FlyBase curates information on the molecular organization of genes and detailed
information on transcripts and protein products and their expression.
Expression pattern curation uses a controlled vocabulary for the description of
anatomy and life stages. These data can be accessed via FlyBase gene reports.
FlyBase collaborates very closely with both the Berkeley and European
Drosophila
Genome Projects. An integrated list of P1, cosmid and YAC clones from these
projects is available and can be searched by cytological location.
FlyBase curates the structure of artificial constructs (including plasmids,
vectors and constructs used for transformation). These data are reported via
graphical maps of transposons and plasmids linked to sequence data and, where
appropriate, to mutant alleles and publications. For each transposon and vector
there are links to the components used in its construction.
One of the most urgent needs for those building genetic databases is a stable
mechanism to cross-reference genes (and other objects) between organisms. In the absence of
such a mechanism FlyBase now simply includes the gene symbol and organism of
loci said, by investigators, to encode a similar (or homologous) product. These
cross-references (1659 as of November, 1996) include the gene symbol approved by
the appropriate community (e.g. HUGO) and, where possible, the gene's accession
number in the appropriate database (OMIM, GDB, MGD, ECOGENE,
Saccharomyces
Genome Database). Some of these links (e.g. with GDB) are now reciprocal.
FlyBase provides access to the stock lists of the three major stock centers for
D.melanogaster
(Bloomington, Mid-America and Umea) and for that of the
Drosophila
species stock center at Bowling Green. It also provides access to the stock
lists of individual laboratories, if these are provided to FlyBase. FlyBase
works with the major
Drosophila
stock centers to ensure consistency of nomenclature.
FlyBase maintains a directory of names, addresses, telephone and fax numbers and
email addresses of people in the
Drosophila
community. Those with particular roles in the community (e.g. principal
investigators, stock-keepers, members of the
Drosophila
Board) are tagged. There are now over 5500 records in this directory.

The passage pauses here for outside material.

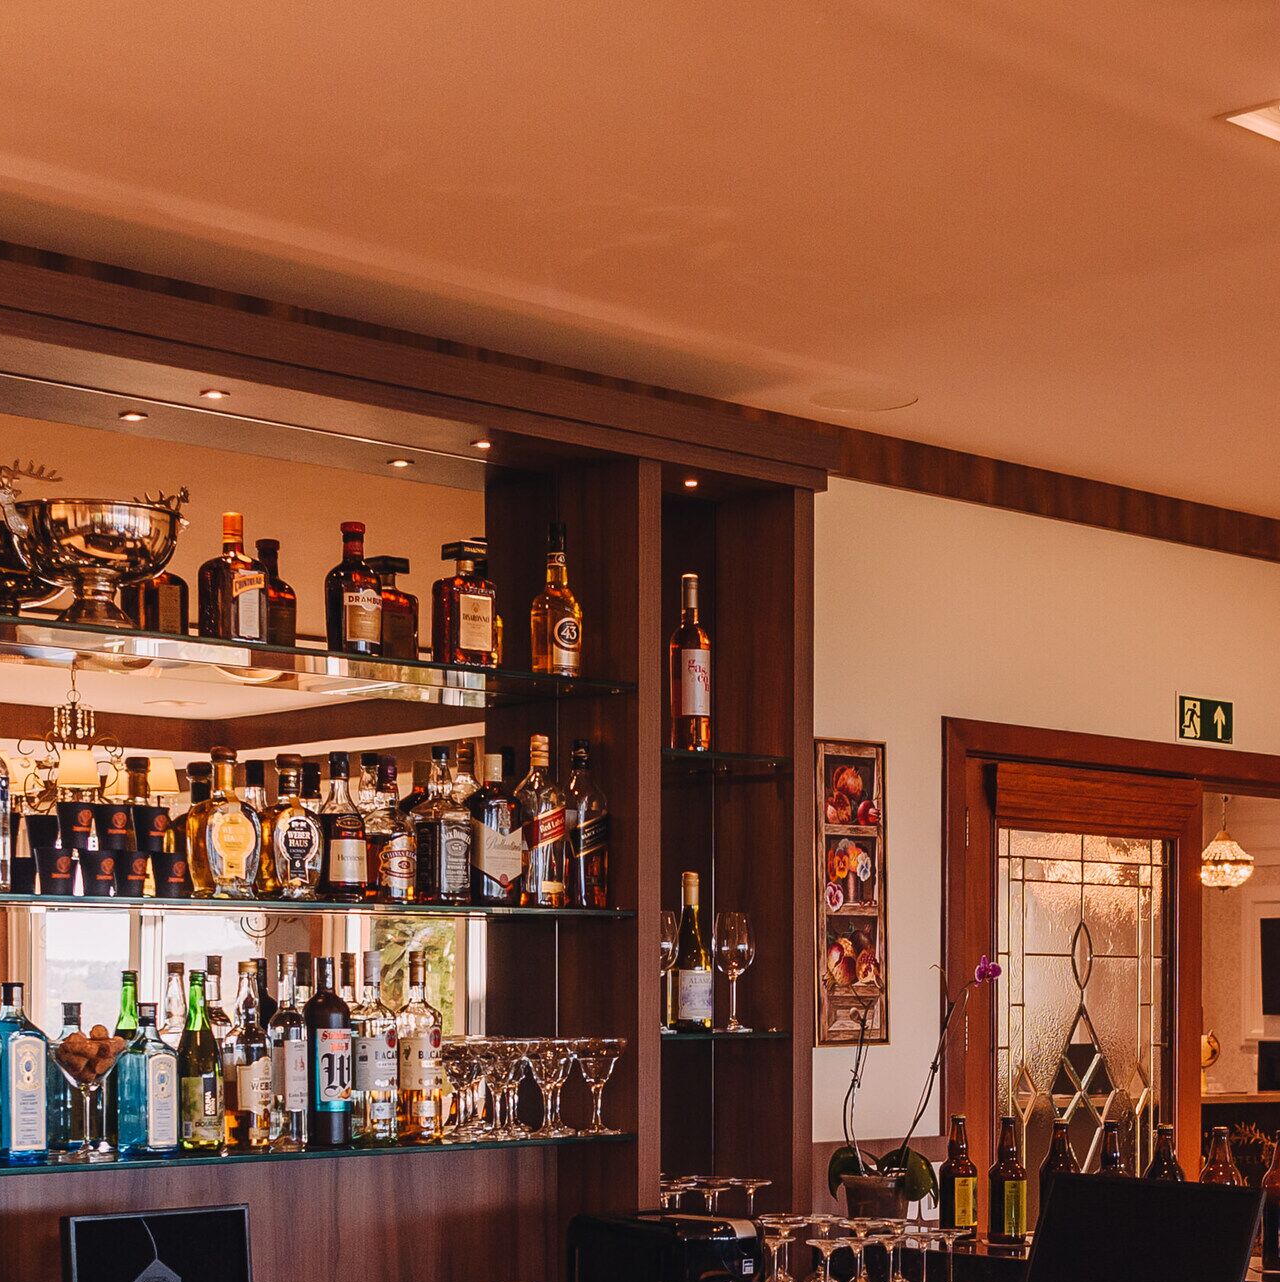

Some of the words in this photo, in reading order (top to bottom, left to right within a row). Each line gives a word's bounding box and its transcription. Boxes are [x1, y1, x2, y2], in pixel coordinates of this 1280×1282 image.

[561, 625, 577, 639] 43
[287, 831, 311, 840] WEBER
[288, 839, 310, 848] HAUS

FlyBase cannot, and should not, be wholly comprehensive. We encourage others to
build specialised databases. At present FlyBase offers help in linking these to
FlyBase (by the use of FB identifiers, for example) and in making these
available through the FlyBase servers. Several databases of allied data are now
available through FlyBase: these include a complete list of valid species in
the family Drosophilidae (Dr G. Baechli, Zurich), a
Drosophila
codon usage table and the
Drosophila
records of the Transcription Termination Signal Database. All
Drosophila
records of the Environmental Mutagen Information Center are also available.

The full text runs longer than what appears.